One of the disadvantages for users of web-based platforms such as Galaxy is the reliance on an external service that could go down without notice. We have several procedures in place to minimize unplanned downtime (see “Technical setup and maintenance” section). The scheduled updates, during which the instance is unavailable, are announced at least a week in advance. The integration of Galaxy @Sciensano into the routine activities of many Belgian National Reference Centers (NRCs) and National Reference Laboratories (NRLs) ensures continued support of this instance. A second limitation is the need to transfer potentially sensitive data to an external service. Several procedures and policies are in place to mitigate this concern. First, we never access the data uploaded by a user, except to fix or replicate bugs at the user’s request. Second, we encourage users to remove any reads originating from human DNA (e.g., from human host material from a bacterial infection) before analysis, as these are typically not meant to be analyzed or shared. Galaxy @Sciensano provides the 'Human read scrubbing pipeline' (Galaxy version 0.2), based on the NCBI human read removal tool (available at https://github.com/ncbi/sra-human-scrubber), which removes human reads from FASTQ files, after which the raw FASTQ files can be purged from the system by the user. Finally, all datasets older than three months are automatically deleted.

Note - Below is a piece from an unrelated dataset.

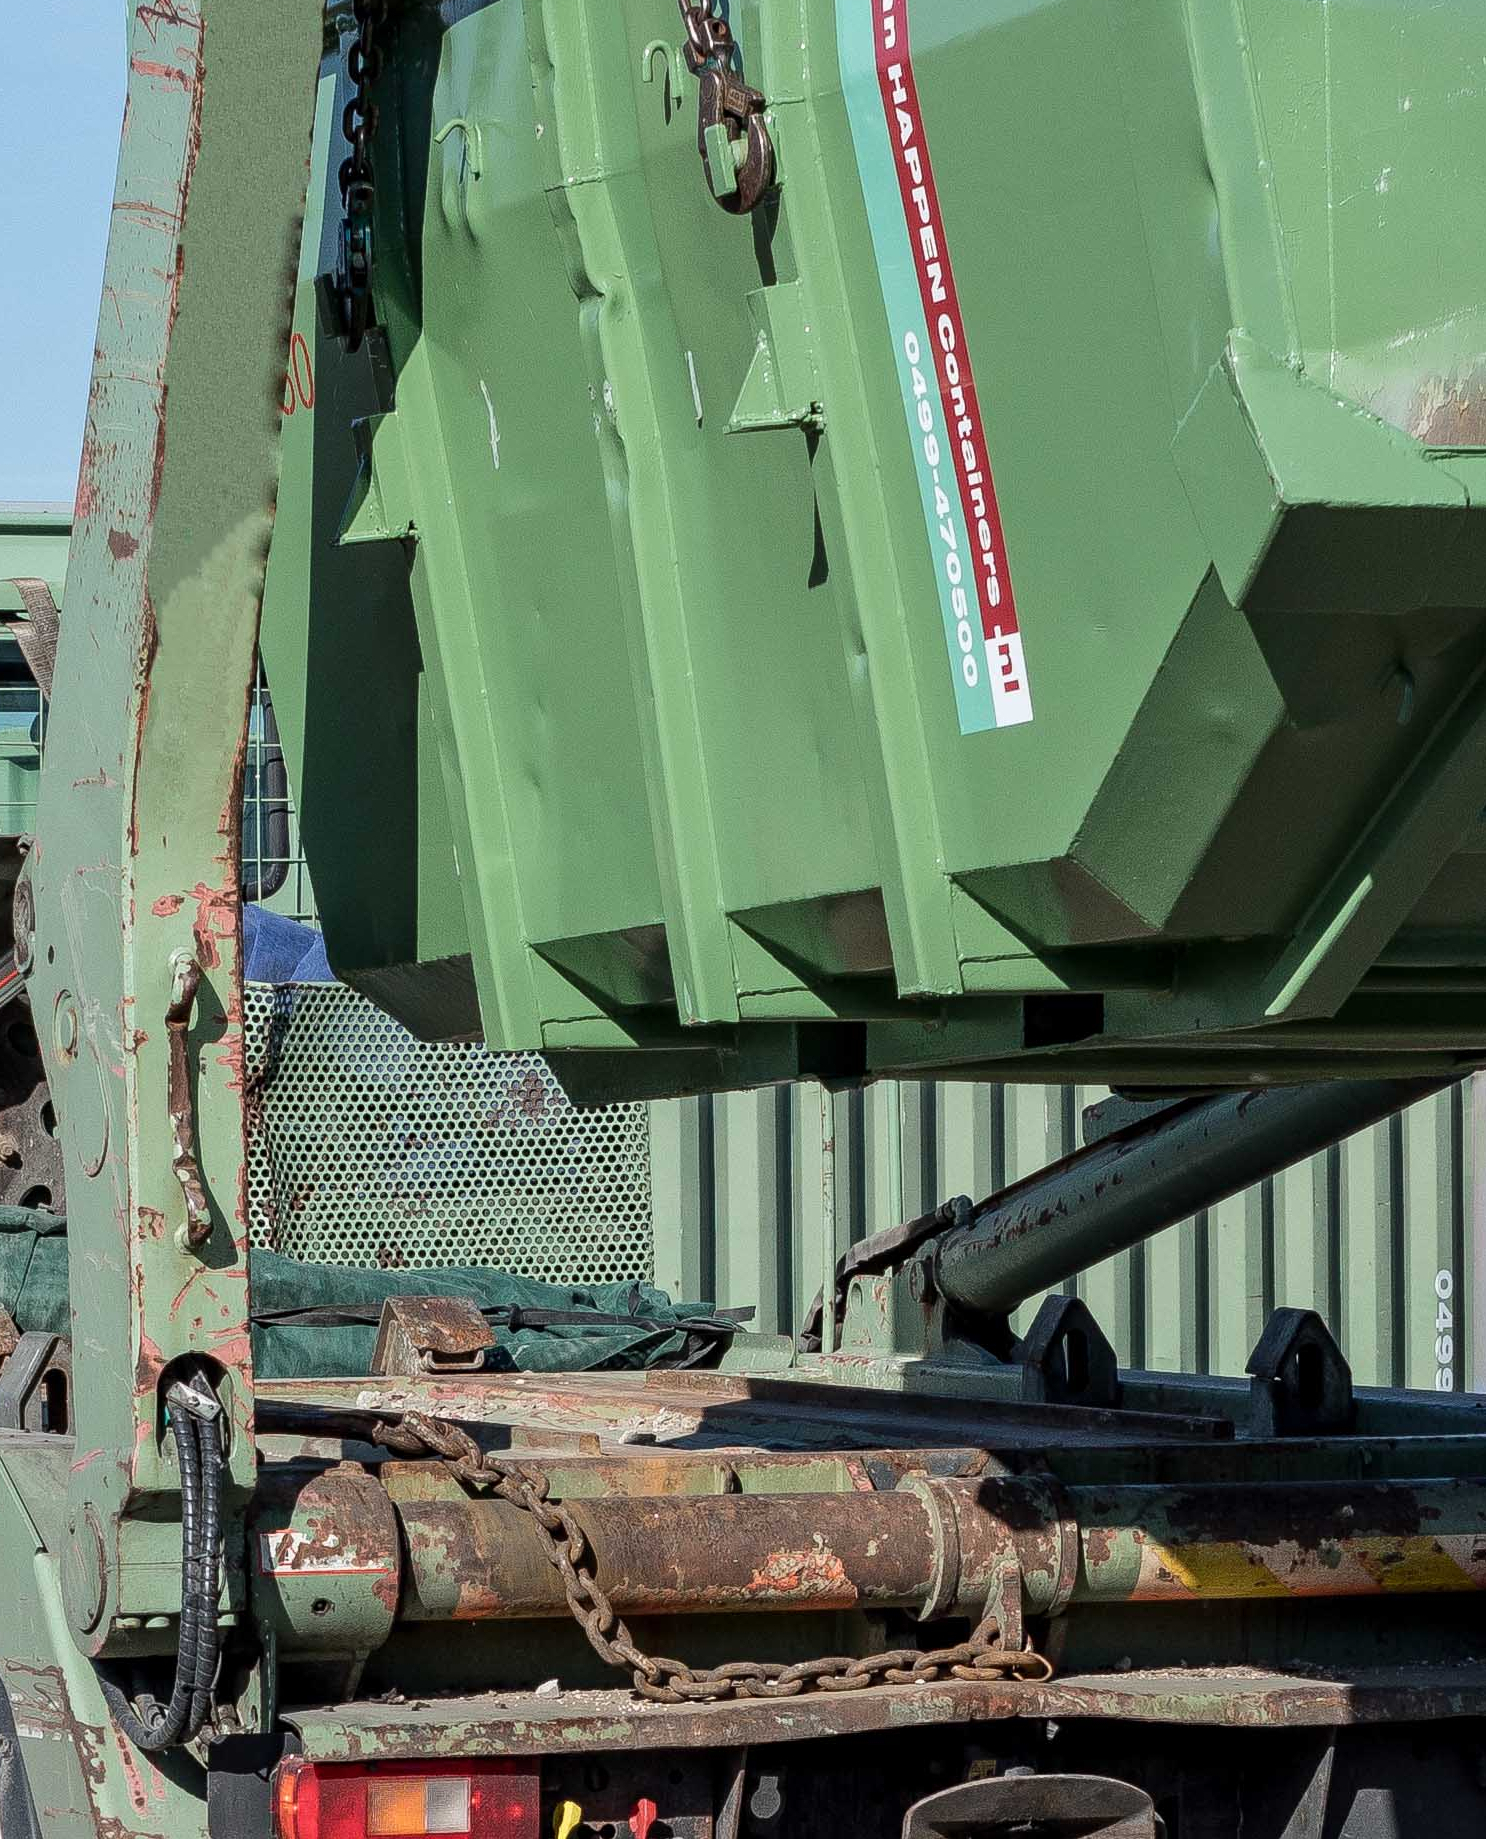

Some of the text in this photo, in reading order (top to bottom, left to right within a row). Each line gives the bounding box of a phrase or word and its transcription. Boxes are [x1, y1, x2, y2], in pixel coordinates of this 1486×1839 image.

In summary, we presented a user-friendly, comprehensive and flexible web-based portal for genomics-based microbial typing, characterization and outbreak detection. Combined with online training materials, this instance has contributed to a successful shift toward genomics-based pathogen surveillance within our institute. While the use of our external instance has grown steadily, we hope to reach more scientists who could benefit from the functionalities that we have made available in Galaxy @Sciensano.

Supplementary Information

Acknowledgements

We thank the Galaxy community for maintaining and improving the underlying Galaxy codebase. We thank all the contributors to the Galaxy ToolShed. We would like to thank the ICT service at Sciensano for their help in setting up and maintaining the computing resources that host our Galaxy instances. We thank the various pathogen domain experts from the Sciensano NRCs, NRLs and other microbiology laboratories for their continuous feedback on the development, testing and improvement of the tools, pipelines and databases hosted in Galaxy @Sciensano. We thank the users of our Galaxy instances for their feedback on the development and selection of tools. We thank the PubMLST, BIGSdb Institut Pasteur, EnteroBase, cgMLST.org and Technical University of Denmark teams for the curation and maintenance of the corresponding tools and databases.

Clinical trial number

Not applicable.

Authors’ contributions

Conceptualization: BB, JVB, RW, SDK, NR, KV. Methodology: BB, JVB, RW, KV. Funding acquisition: KV, NR. Project administration: KV, RW. Visualization: BB. Software: JVB, BB, AVU, JD, MG, TD, MK, KM, NG, RW. Formal analysis: BB. Supervision: KV, RW. Writing—Original Draft: BB. Writing—Review & Editing: BB, JVB, AVU, JD, MG, TD, MK, KM, NG, SDK, NR, RW, KV.

Funding

This work was supported by the project “NGS and Bioinformatics Platform” funded by Sciensano (Sciensano RP-PJ, Belgium).

Data availability

The datasets used in the example analyses are available in the data library of the Galaxy instance, and SRA accession numbers are provided in Table S2. The workflows are available as public Galaxy workflows in our Galaxy instance. Training videos are available on YouTube (https://www.youtube.com/playlist?list=PL9O-3w2bLZ4X5DJGYlbqL60PQDzn42Wjh).

Declarations

Ethics approval and consent to participate

Not applicable.

Consent for publication

Not applicable.

Competing interests

The authors declare no competing interests.

Footnotes

Publisher’s Note

Springer Nature remains neutral with regard to jurisdictional claims in published maps and institutional affiliations.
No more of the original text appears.